Les demi-tons incisifs du tocsin tombaient dans le noir des rues désertes.

Les deux tambours géants de Montmartre descendaient la rue Ramey, battant un rappel sourd comme une marche funèbre.

Des souffles de révolte passaient dans l’air, mais la moindre agression eût, comme l’avait senti le comité Central, servi de prétexte à un rétablissement de dynastie, sous la protection de Guillaume.

Quelques instants les drapeaux noirs des fenêtres claquèrent dans le vent, puis il n’y en eut plus une haleine de vie.

De la permanence du comité de vigilance, on ne voyait que la nuit dans laquelle sonnait le tocsin. — La nuit s’acheva lourde.

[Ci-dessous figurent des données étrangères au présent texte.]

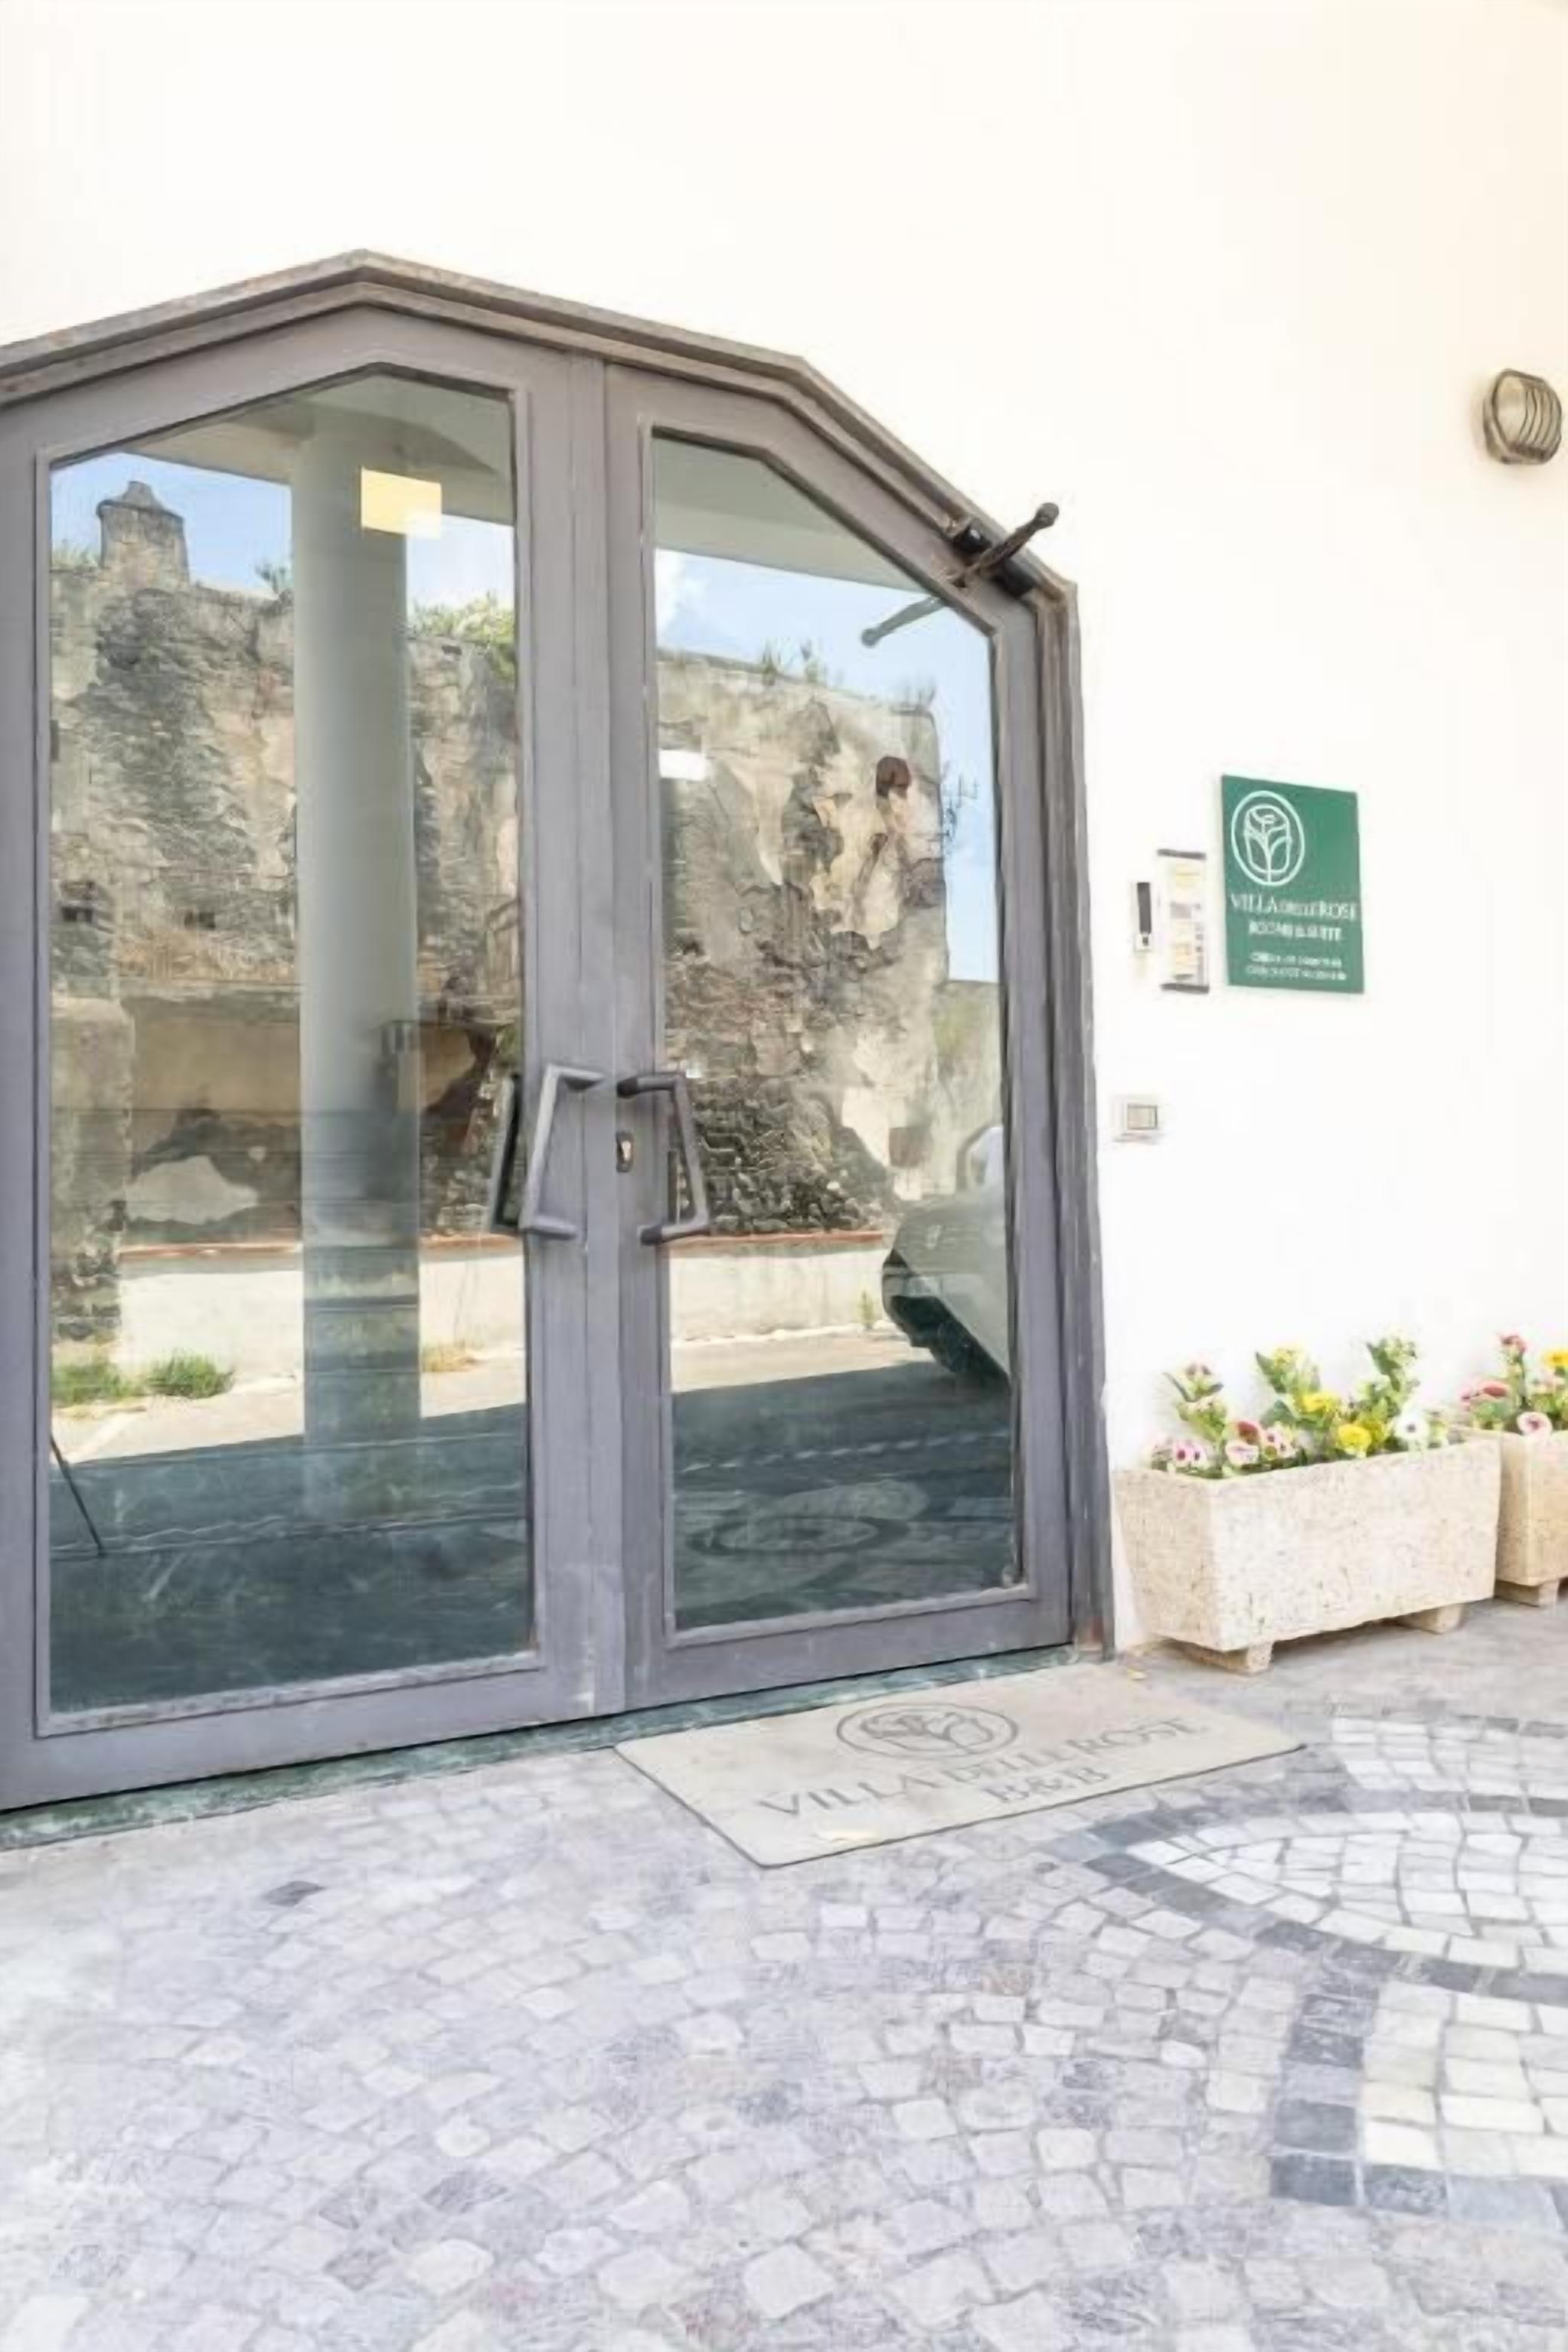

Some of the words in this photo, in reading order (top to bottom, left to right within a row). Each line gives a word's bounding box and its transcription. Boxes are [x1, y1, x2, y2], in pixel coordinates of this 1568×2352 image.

[1230, 893, 1278, 913] VILLA
[757, 1771, 945, 1816] VILLA
[1065, 1717, 1206, 1756] ROSE

Aux Champs-Elysées, paisiblement comme un devoir, on brisa dans un café qui avait ouvert aux Prussiens, le comptoir et tout ce qui avait servi à leur usage et par devoir aussi, sans pitié ni colère, on fouetta des malheureuses qui pour voir les envahisseurs avaient en toilettes de fête dépassé les barrières.

Que ne pouvait-on faire justice en place de ces produits lamentables du vieux monde de la société putréfiée tout entière.

L’assemblée de Bordeaux continua de voter une série de mesures honteuses. Ceux qui composaient à Paris le gouvernement n’ayant pas comme la défense nationale promis de mourir plutôt que de se rendre, s’en donnaient à cœur joie d’infamies.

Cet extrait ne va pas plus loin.